Description
We're in a process of migration from older hardware under ClickHouse to the newer generation.
Older machines have 12x6T disks, 128GB RAM and 2x10G NICs, newer machines have 12x10T disks, 256GB RAM and 2x25G NICs. Dataset per replica is around 35TiB. Each shard is 3 replicas.
Our process is:
- Stop one replica from shard.
- Clear it from zookeeper.
- Remove it from cluster topology (znode update for
remote_servers
). - Add new replica to cluster topology.
- Start new replica and let it replicate all the data from peers.
The issue we're seeing is that source replicas saturate disks, starving user queries and merges.

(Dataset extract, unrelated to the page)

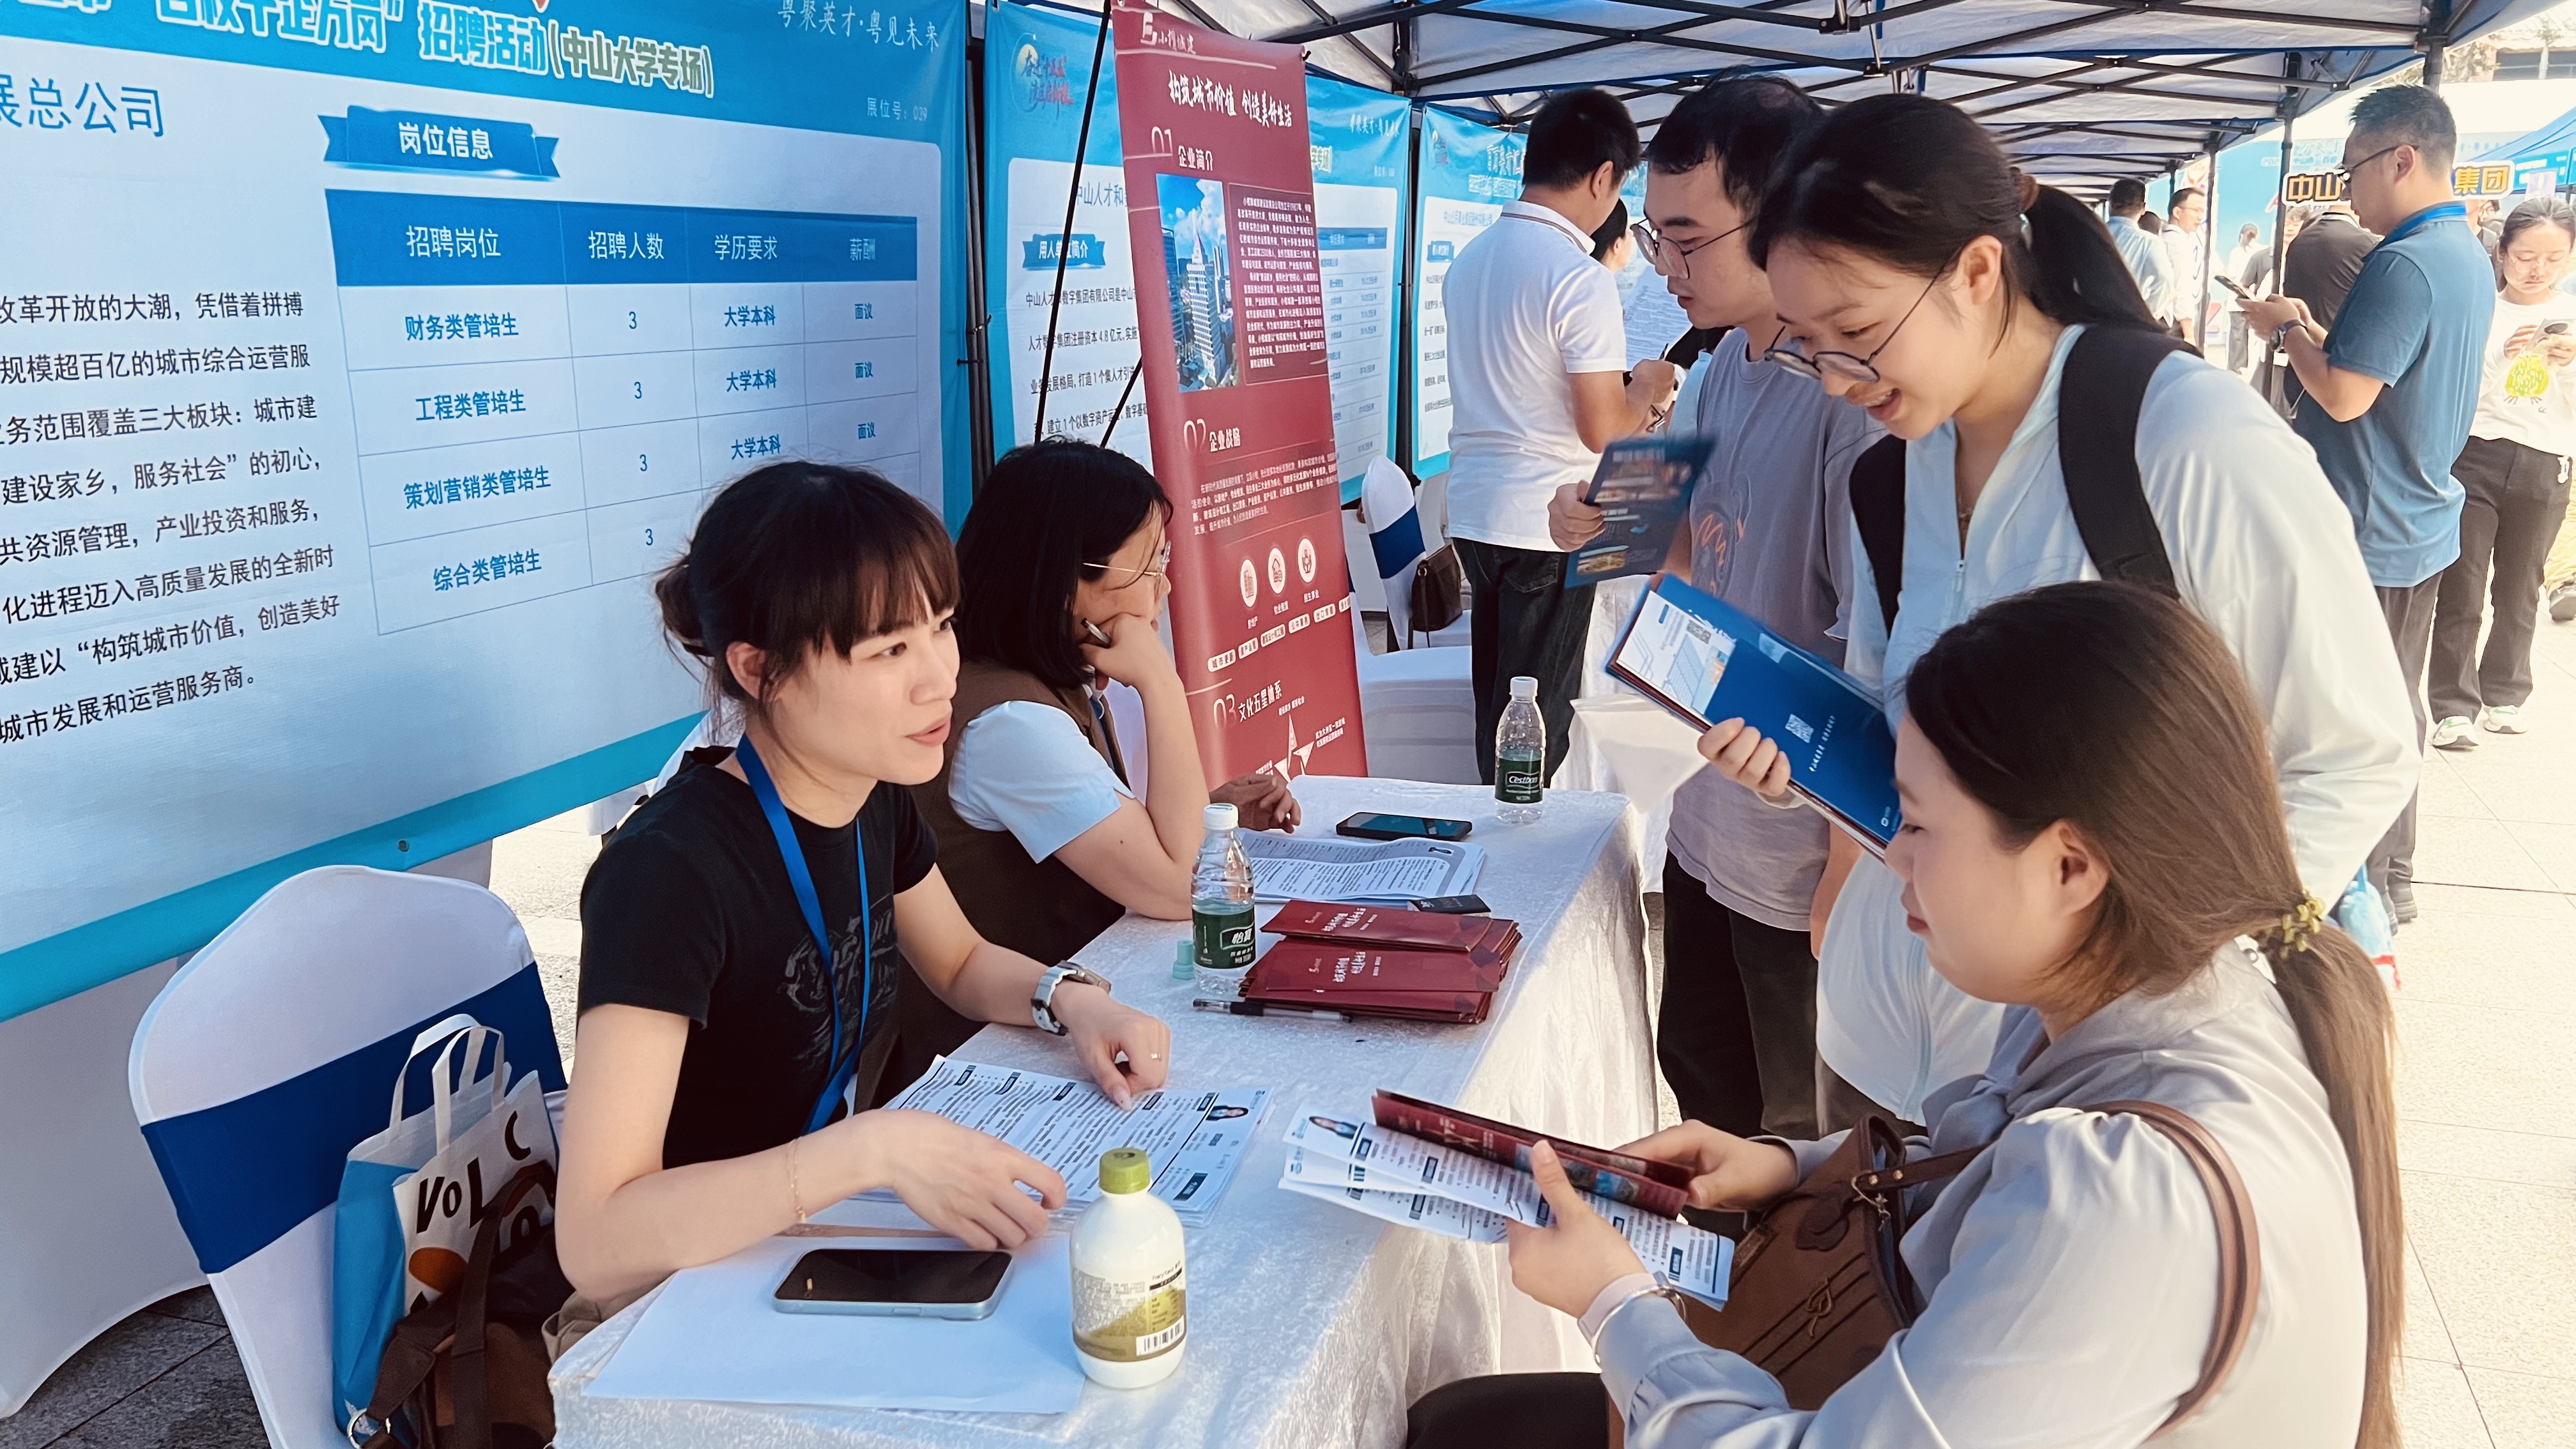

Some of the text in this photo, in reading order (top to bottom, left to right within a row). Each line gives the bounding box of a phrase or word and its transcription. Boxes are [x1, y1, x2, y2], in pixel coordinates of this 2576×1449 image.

It takes ~7h to replicate full dataset, below are the graphs for 12h around that time:
Source peer:
Target peer:
Naturally, source peers are not great at IO in the first place (that's why we're upgrading), but having 7h of degraded service is not great. It'd be nice to be able to set recovery speed, so it doesn't starve other activities like user queries and merges.
Moreover, max number of parts in partition quickly reaches the max (we set to 1000) on the target replica, where inserts are throttled, which doesn't make things any better. With throttled recovery at lower speed but with higher duration, this will probably be even longer period. Maybe we should split threads that do merges and threads that do replication, it seems like whole pool is busy just replicating.
It is also possible that we're just doing it wrong, then it'd be great to have a guide describing the process.